Tochter hat Bedenken
In der kurdischen Hauptstadt Erbil trafen CSI-Projektleiter John Eibner und Adrian Hartmann auch eine Tochter von Laila und Nadir sowie ihren Enkel Jamal (siehe Kasten). Beide konnten rechtzeitig vor dem IS-Einmarsch aus Karakosch fliehen. Doch die Tochter fühlt sich von den muslimischen Nachbarn verraten und hat jegliches Vertrauen in die Muslime verloren.

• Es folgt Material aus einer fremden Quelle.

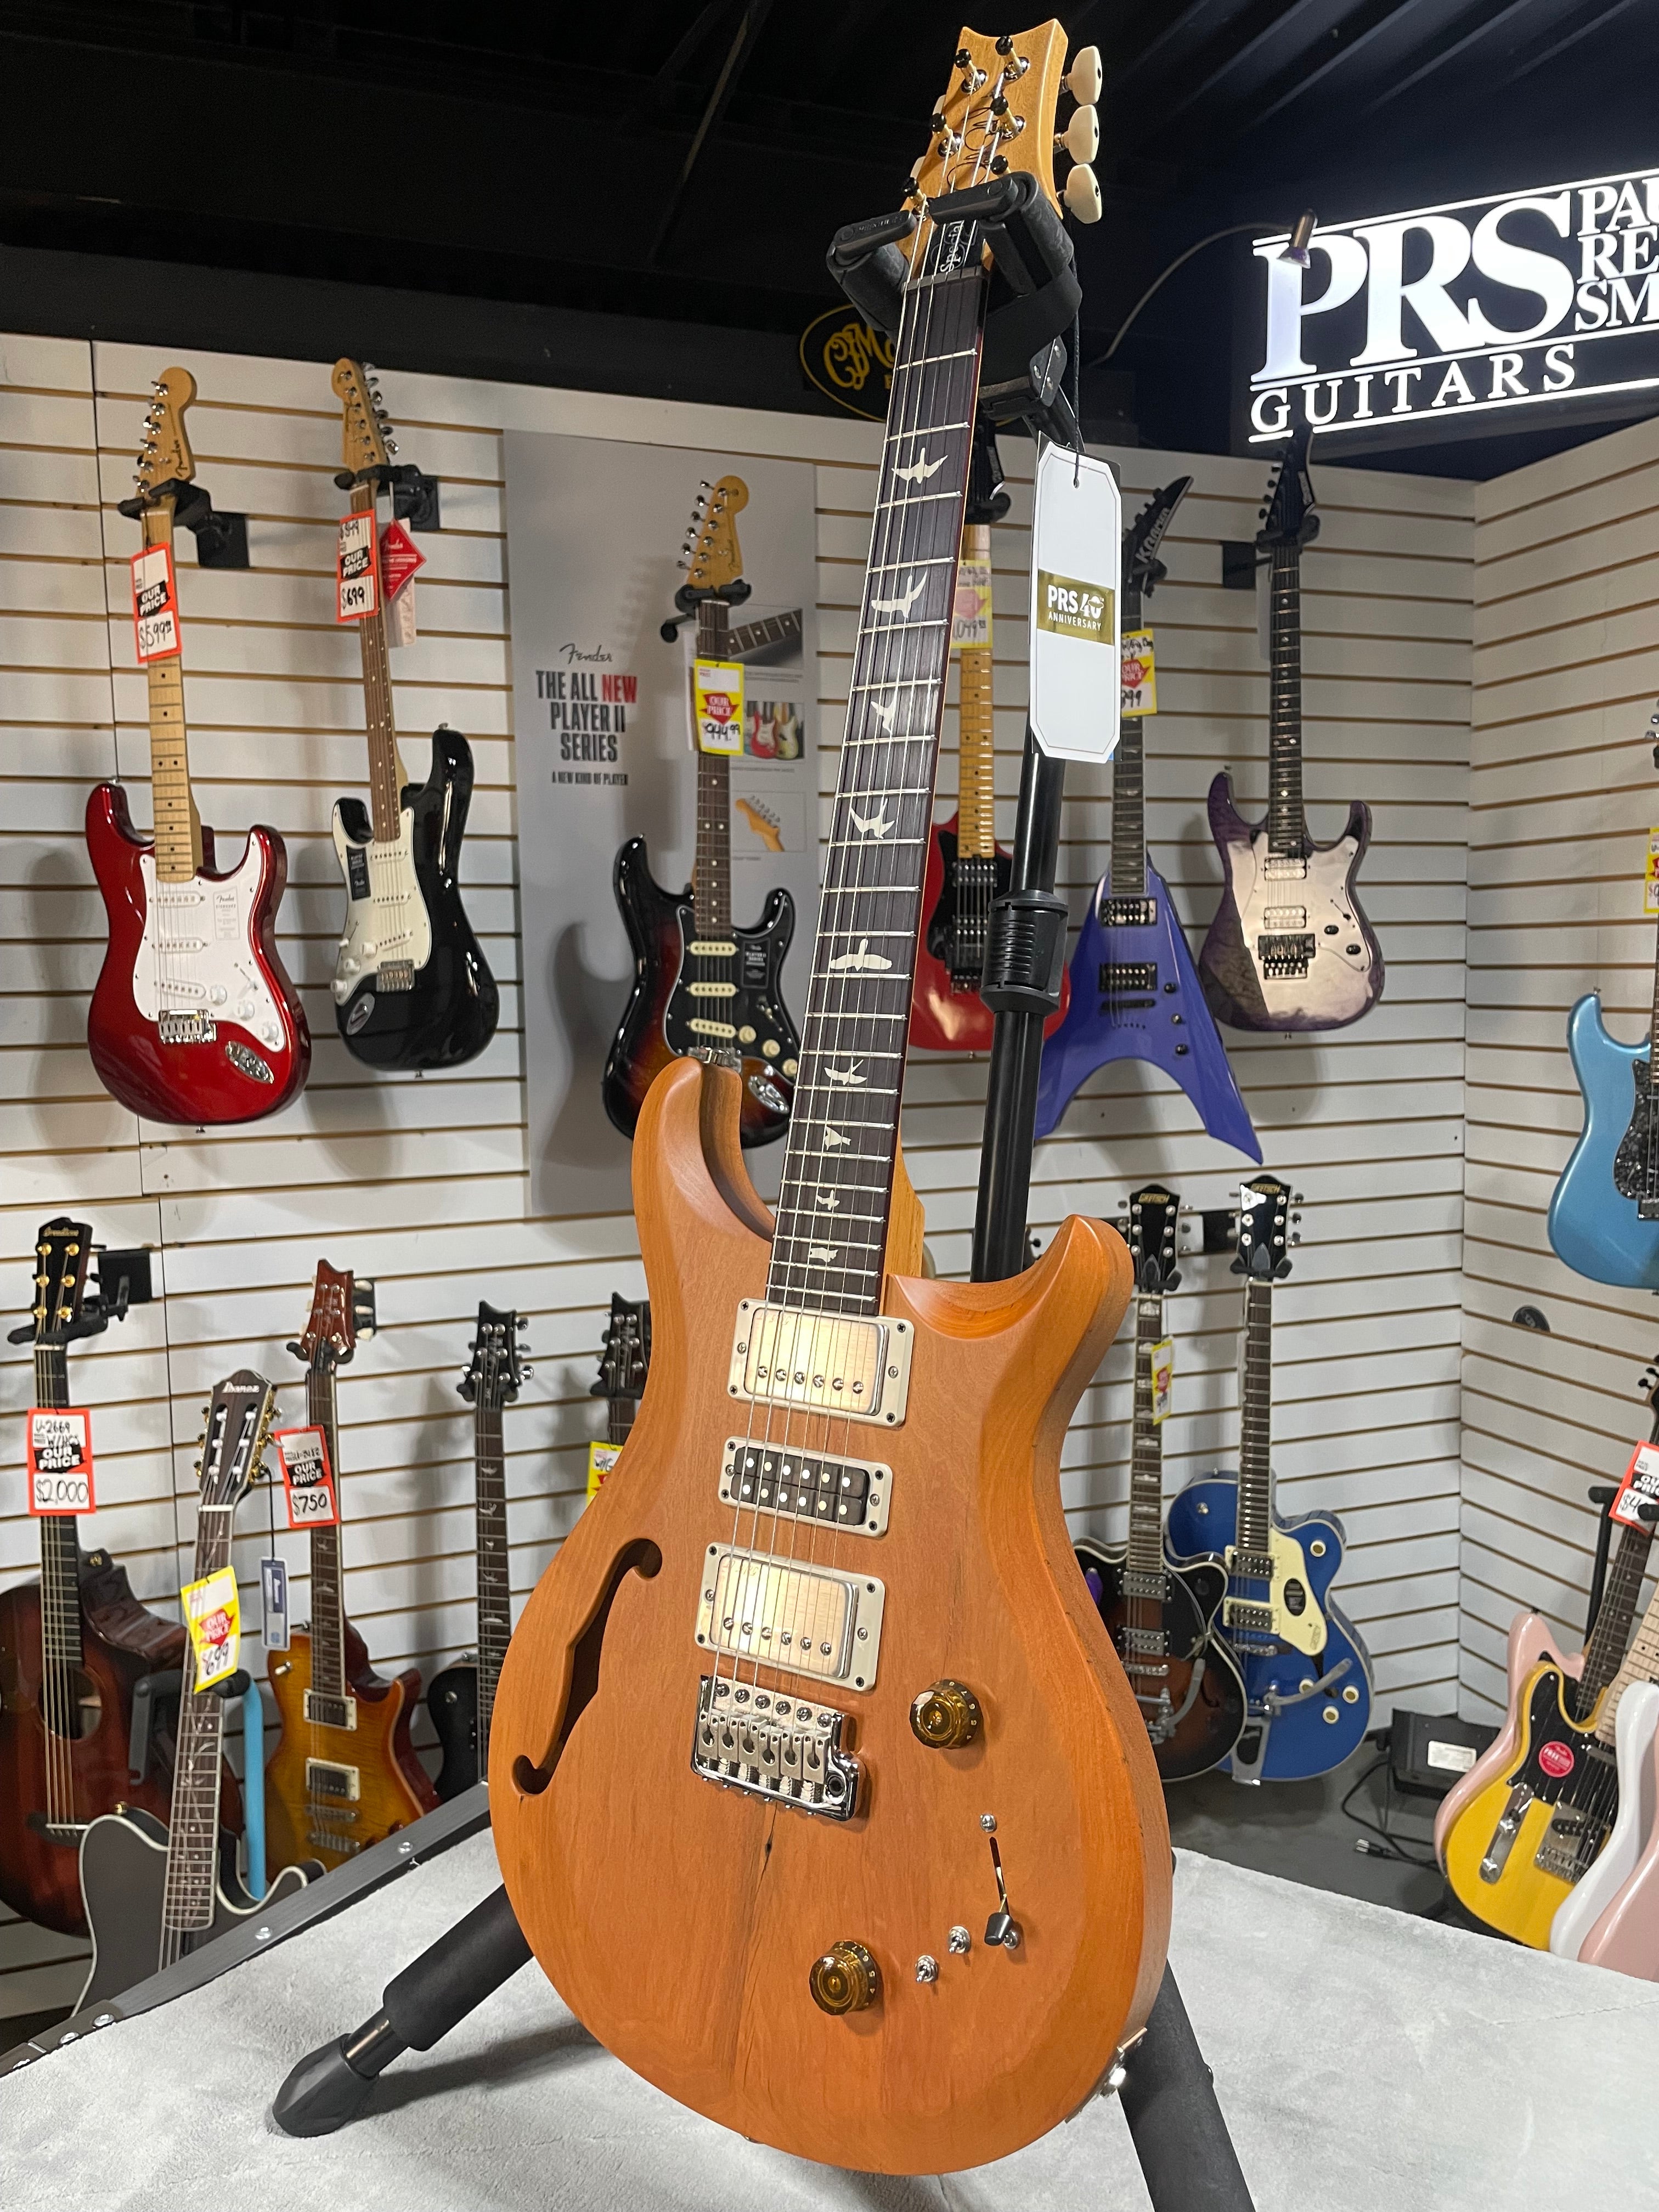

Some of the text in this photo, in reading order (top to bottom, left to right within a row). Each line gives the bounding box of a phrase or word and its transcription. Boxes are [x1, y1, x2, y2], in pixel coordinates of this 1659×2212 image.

[940, 221, 964, 272] Special
[1251, 191, 1574, 383] PRS
[1250, 343, 1575, 435] GUITARS
[343, 557, 368, 577] PRICE
[345, 549, 363, 566] OUR
[140, 592, 167, 616] PRICE
[142, 585, 161, 603] OUR
[342, 586, 364, 610] $699
[1048, 584, 1079, 614] PRS
[1048, 611, 1102, 631] ANNIVERSARY
[560, 643, 612, 664] Fender
[536, 670, 637, 703] THE ALL NEW
[707, 706, 732, 716] PRICE
[709, 696, 729, 706] OUR
[551, 702, 625, 732] PLAYER II
[561, 732, 618, 762] SERIES
[603, 773, 628, 786] PLAYER
[222, 1381, 259, 1393] Ibanez
[39, 1455, 80, 1470] PRICE
[43, 1447, 72, 1459] OUR
[293, 1469, 323, 1486] PRICE
[295, 1462, 315, 1474] OUR
[292, 1493, 327, 1516] $750
[206, 1612, 227, 1629] OUR
[206, 1623, 228, 1641] PRICE

Nadir, der an einer Herzschwäche leidet und während des Gesprächs überwiegend auf einem Bett lag, richtet sich plötzlich auf. Er klagt, dass er die hohen Mietpreise für ihre kleine Wohnung in Kurdistan kaum bezahlen könne. Zwar sind alle vier dankbar, in einem relativ sicheren Gebiet zu sein. Doch für die christlichen Flüchtlinge sind die Lebensbedingungen in Kurdistan hart. So erzählt die Tochter, dass sie für neue Identitätskarten extra nach Iraks Hauptstadt Bagdad reisen musste. Ihr blieb nichts anderes übrig, denn nur mit einer Identitätskarte erhalten sie Rationskarten für verbilligte Lebensmittel.

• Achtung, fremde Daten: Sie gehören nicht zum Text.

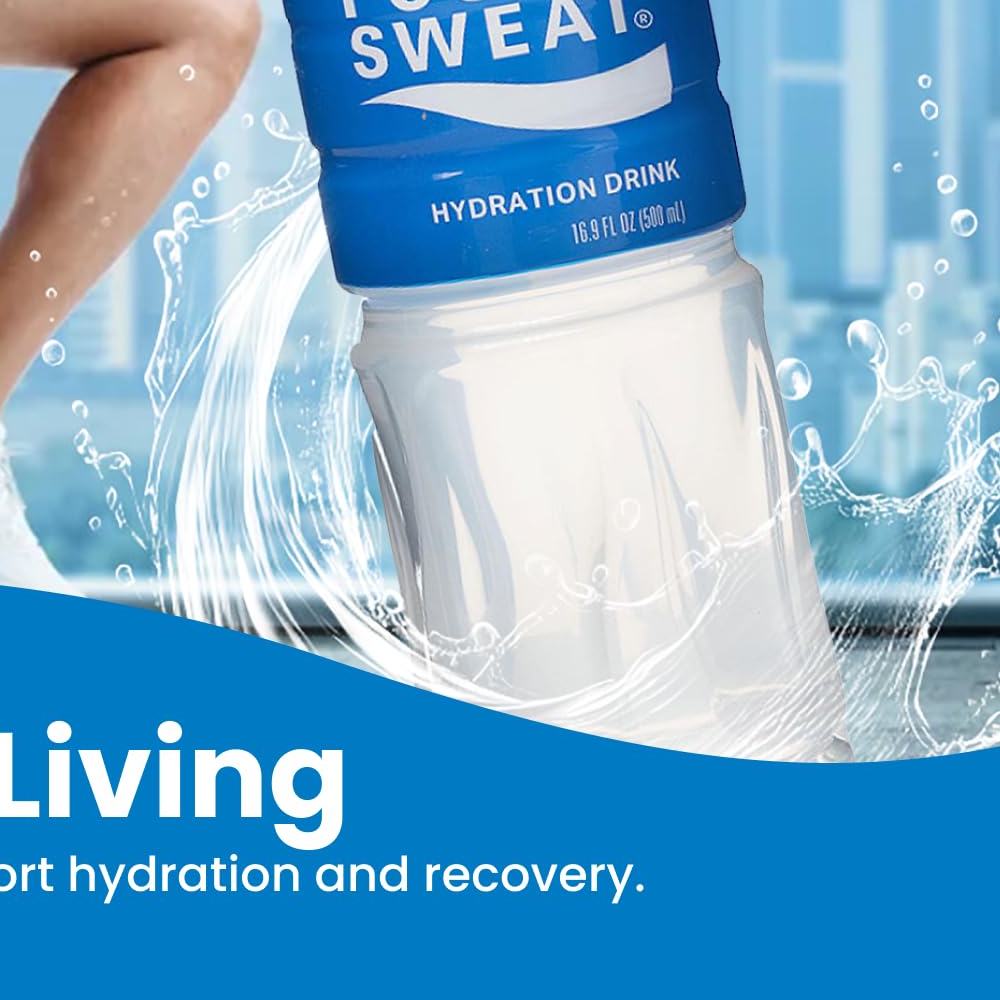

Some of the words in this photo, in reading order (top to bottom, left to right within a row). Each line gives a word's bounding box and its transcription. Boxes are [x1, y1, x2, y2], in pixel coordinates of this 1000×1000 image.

[431, 177, 597, 225] HYDRATION
[604, 158, 681, 195] DRINK
[571, 219, 600, 245] 16.9
[601, 216, 618, 239] FL
[620, 211, 637, 234] OZ
[638, 204, 665, 233] (500

Zusammen mit der einheimischen Hilfsorganisation Hammurabi unterstützt CSI im Irak vom IS vertriebene Christen wie Laila, Nadir und deren Kinder. Sie erhalten Lebensmittel- und Hilfspakete.
Reto Baliarda
Universität in Mossul: Christen wurden schikaniert
Jamal*, der Enkelsohn von Laila und Nadir, hatte bis zur IS-Eroberung im Juni 2014 an der Universität von Mossul studiert. Mit seinen muslimischen Mitstudenten hatte er unterschiedliche Erfahrungen gemacht. Einige seien nett gewesen. Andere hätten die Christen gemieden oder versucht, sie zum Islam zu bekehren. Auch der Uni-Betrieb selbst wurde nach islamischen Regeln geführt. Während des Ramadans mussten die Christen ebenso fasten und durften keine Musik hören. Prüfungen wurden oft extra auf die christlichen Feiertage angesetzt.
Christliche Studentinnen mussten sich besonders in Acht nehmen. Nicht selten wurden sie bedroht, nicht nur durch die muslimischen Mitstudenten, sondern auch vom Personal. Auch wurden einige gezwungen, einen Hidschab (Kopftuch) zu tragen.

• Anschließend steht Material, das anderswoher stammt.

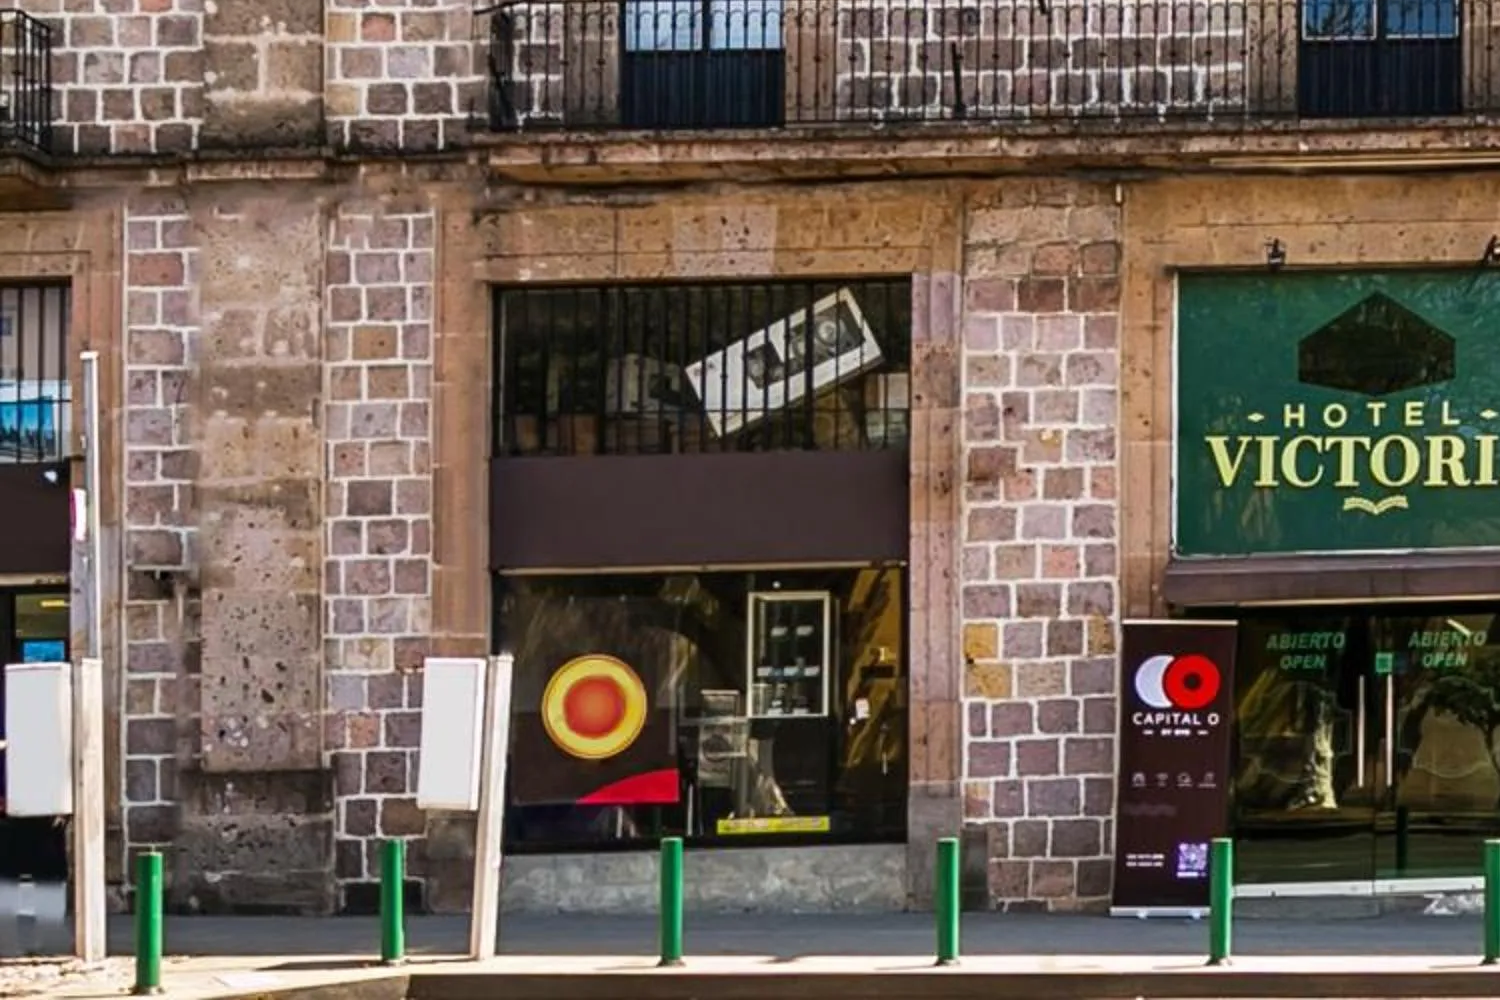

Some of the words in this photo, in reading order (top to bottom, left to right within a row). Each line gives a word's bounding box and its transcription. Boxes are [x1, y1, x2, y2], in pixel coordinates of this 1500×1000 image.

[1283, 400, 1461, 428] HOTEL
[1266, 631, 1346, 650] ABIERTO
[1407, 630, 1488, 648] ABIERTO
[1279, 653, 1327, 670] OPEN
[1421, 651, 1468, 669] OPEN
[1132, 711, 1202, 725] CAPITAL
[1207, 712, 1220, 726] O

Jamal fiel es schwer, sein Studium in der heutigen IS-Hochburg Mossul abzubrechen. «Mossul hatte die beste Universität im Irak. «Die Absolventen waren berechtigt, an der Sorbonne-Universität in Paris zu studieren», bekräftigt er den Stellenwert seiner Uni. Demgegenüber werde ein akademischer Abschluss in Kurdistan international kaum beachtet. Jamal hatte in Mossul viele Freunde, die er vermisst. «Sie sind alle sehr weltoffen.» Seit der IS-Eroberung ist es schwierig geworden, mit ihnen zu kommunizieren.